Une disparition qui bouleverse le monde des séries africaines

Née le 25 août 1989 à Dakar, Halima Gadji, parfois orthographiée Khalima Gadji, possédait les nationalités sénégalaise, marocaine et algérienne. Sa mort, survenue le 26 janvier 2026, a été largement relayée par les médias et les professionnels du secteur audiovisuel, qui saluent unanimement une artiste dont la trajectoire a accompagné l’essor des séries africaines sur les scènes internationales.

Au fil des années, elle était devenue une référence pour une nouvelle génération de comédiennes, incarnant des personnages complexes et exposés à des lectures sociales parfois conflictuelles.

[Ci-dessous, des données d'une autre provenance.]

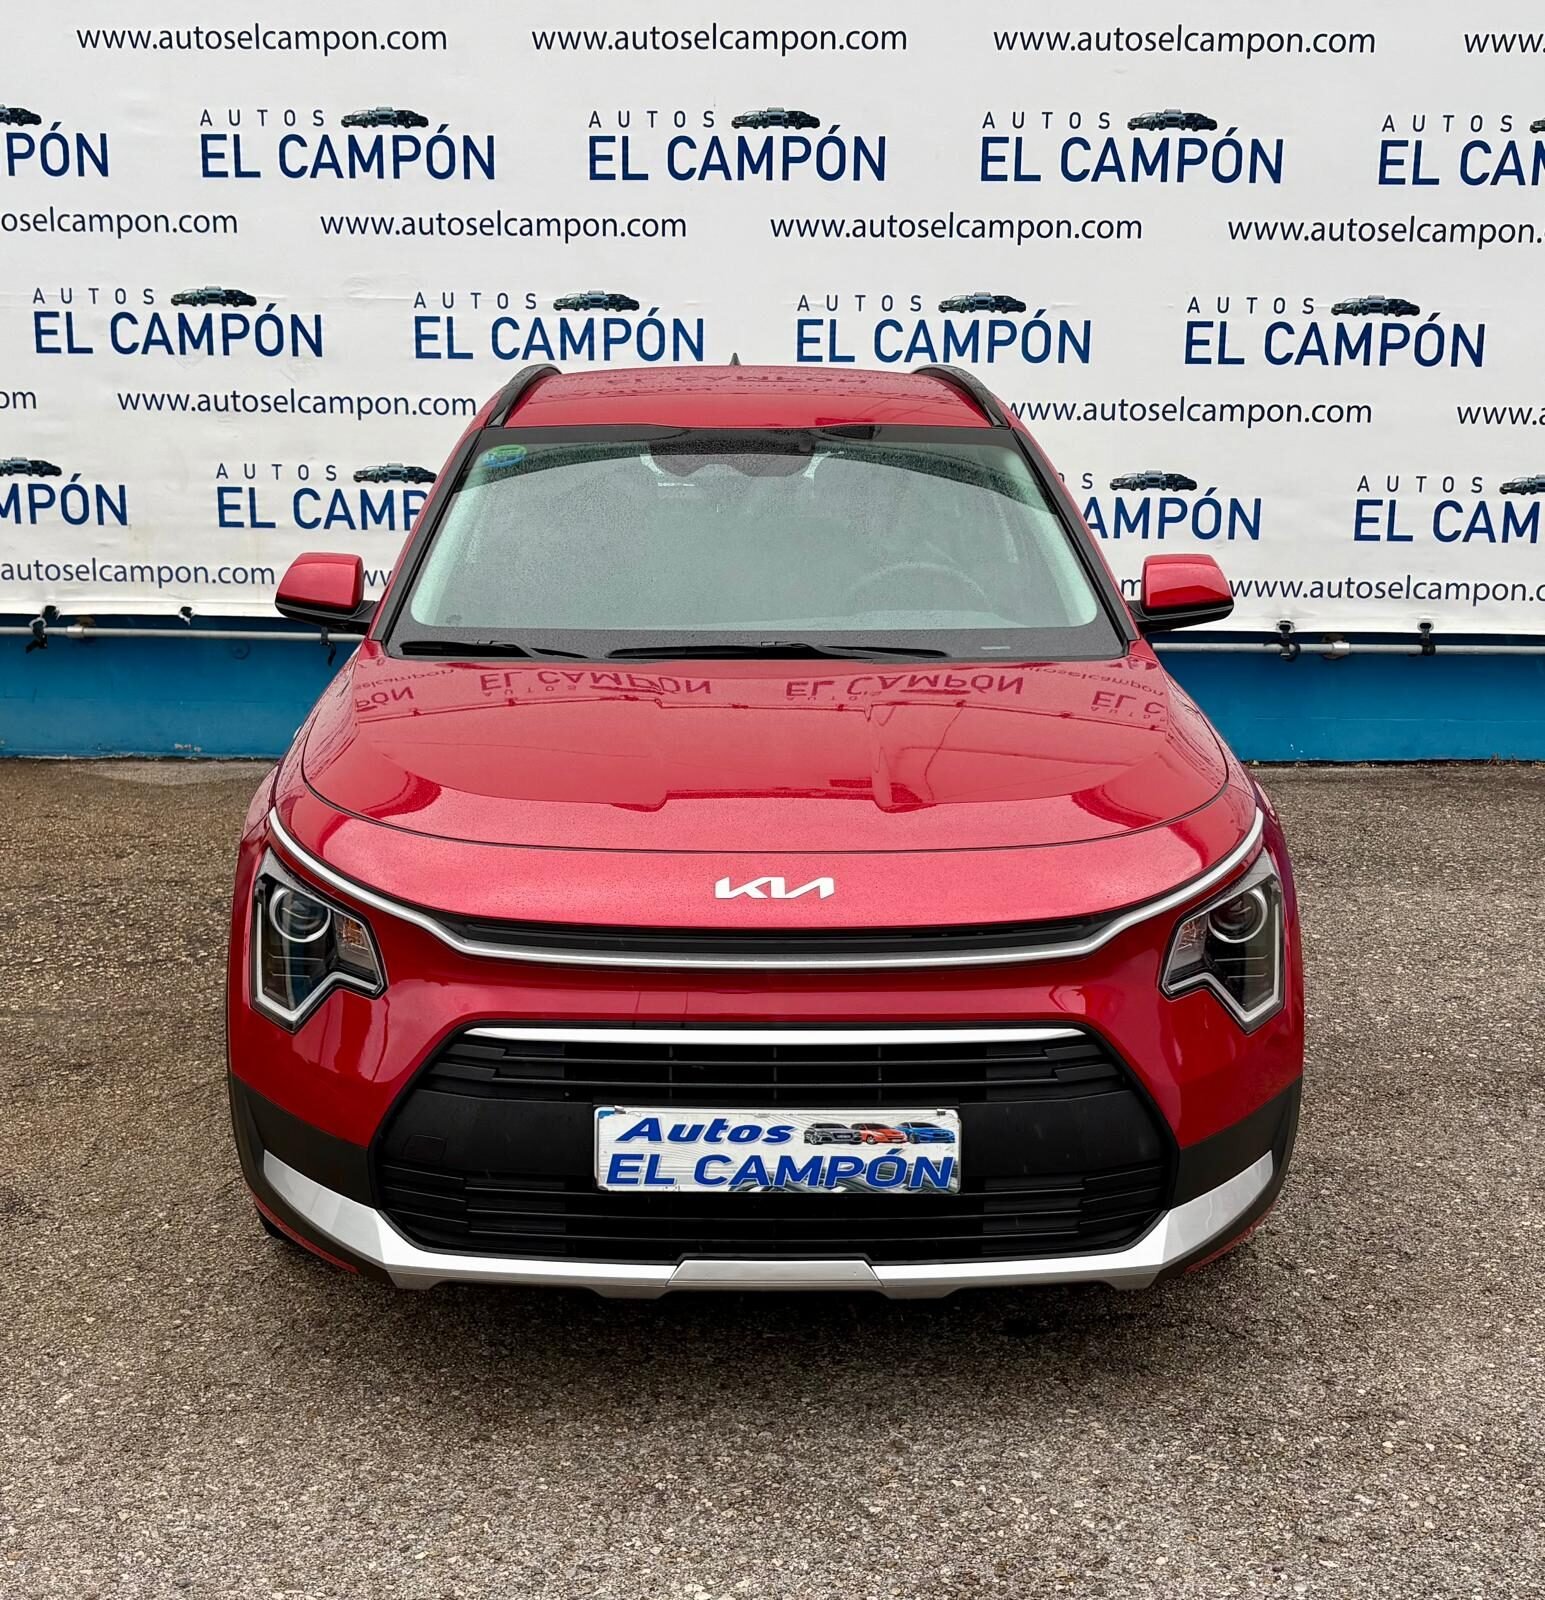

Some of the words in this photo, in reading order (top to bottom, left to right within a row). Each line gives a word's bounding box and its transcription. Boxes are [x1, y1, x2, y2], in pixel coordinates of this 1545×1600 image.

[77, 23, 446, 56] www.autoselcampon.com
[532, 23, 906, 56] www.autoselcampon.com
[994, 24, 1375, 59] www.autoselcampon.com
[200, 109, 324, 126] AUTOS
[589, 111, 714, 128] AUTOS
[982, 112, 1110, 129] AUTOS
[1382, 115, 1512, 132] AUTOS
[201, 134, 261, 178] EL
[279, 123, 495, 180] CAMPÓN
[589, 136, 648, 180] EL
[668, 125, 885, 181] CAMPÓN
[981, 137, 1041, 181] EL
[1061, 126, 1283, 184] CAMPÓN
[1379, 140, 1439, 185] EL
[2, 206, 237, 239] oselcampon.com
[320, 210, 686, 244] www.autoselcampon.com
[771, 212, 1141, 245] www.autoselcampon.com
[33, 288, 154, 305] AUTOS
[414, 292, 536, 309] AUTOS
[797, 295, 921, 311] AUTOS
[1187, 297, 1314, 314] AUTOS
[34, 311, 93, 354] EL
[111, 302, 322, 357] CAMPÓN
[415, 316, 473, 359] EL
[492, 306, 703, 361] CAMPÓN
[797, 319, 855, 362] EL
[874, 309, 1091, 367] CAMPÓN
[1185, 321, 1244, 365] EL
[1265, 312, 1485, 367] CAMPÓN
[118, 387, 476, 421] www.autoselcampon.com
[216, 463, 336, 481] AUTOS
[1357, 475, 1482, 493] AUTOS
[217, 487, 276, 528] EL
[1354, 499, 1413, 542] EL
[1433, 500, 1540, 543] CAM
[1, 558, 274, 588] autoselcampon.com
[614, 1117, 798, 1145] Autos
[606, 1153, 677, 1188] EL
[693, 1148, 955, 1189] CAMPÓN

Marème Dial, un personnage devenu phénomène social

La notoriété de Halima Gadji repose en grande partie sur son interprétation de Marème Dial dans la série sénégalaise Maîtresse d’un homme marié, produite par Marodi TV. Diffusée à grande échelle, la série a suscité de vifs débats, et le personnage de Marème a souvent été confondu avec l’actrice elle-même.

Halima Gadji expliquait que cette confusion révélait surtout un déséquilibre dans le regard porté sur la sexualité féminine et masculine. Les réactions, parfois virulentes, ont fait de son rôle un point de cristallisation des discussions autour de la morale, du pouvoir et de la place des femmes dans les sociétés africaines contemporaines.

En 2020, cette performance lui a valu le prix de la meilleure interprétation féminine aux Sotigui Awards.

Un parcours forgé par la persévérance et l’engagement

Avant cette reconnaissance, Halima Gadji a connu un parcours semé d’obstacles. Elle quitte l’école très tôt pour se consacrer à sa vocation artistique et essuie de nombreux refus, notamment en raison de son bégaiement. Elle débute comme mannequin, puis enchaîne les rôles dans des productions telles que Tundu Wundu et Sakho & Mangane, cette dernière étant diffusée sur Netflix.

Son engagement dépasse la fiction. En 2021, dans le documentaire Don’t Call Me Fire, elle aborde frontalement la santé mentale, la dépression, les traumatismes et la question de l’identité, évoquant le fait de grandir entre plusieurs cultures. Cette prise de parole a contribué à élargir son image publique, au-delà de ses rôles de fiction.

La disparition de Halima Gadji laisse un vide dans le paysage audiovisuel africain, mais son travail continue de circuler et de nourrir les réflexions qu’elle avait contribué à ouvrir.

FAQ

Qui était Halima Gadji ?
Halima Gadji était une actrice et mannequin née à Dakar en 1989, connue principalement pour son rôle dans la série Maîtresse d’un homme marié.

Quand et où est-elle décédée ?
Elle est décédée le 26 janvier 2026 lors d’un séjour en France, à l’âge de 36 ans.

Pourquoi son rôle de Marème Dial a-t-il marqué le public ?
Ce personnage a suscité de nombreux débats sociaux et culturels, notamment sur la représentation des femmes et la morale.

Quels autres projets ont jalonné sa carrière ?
Elle a joué dans plusieurs séries et films, dont Sakho & Mangane, et a participé au documentaire Don’t Call Me Fire consacré à la santé mentale et à l’identité.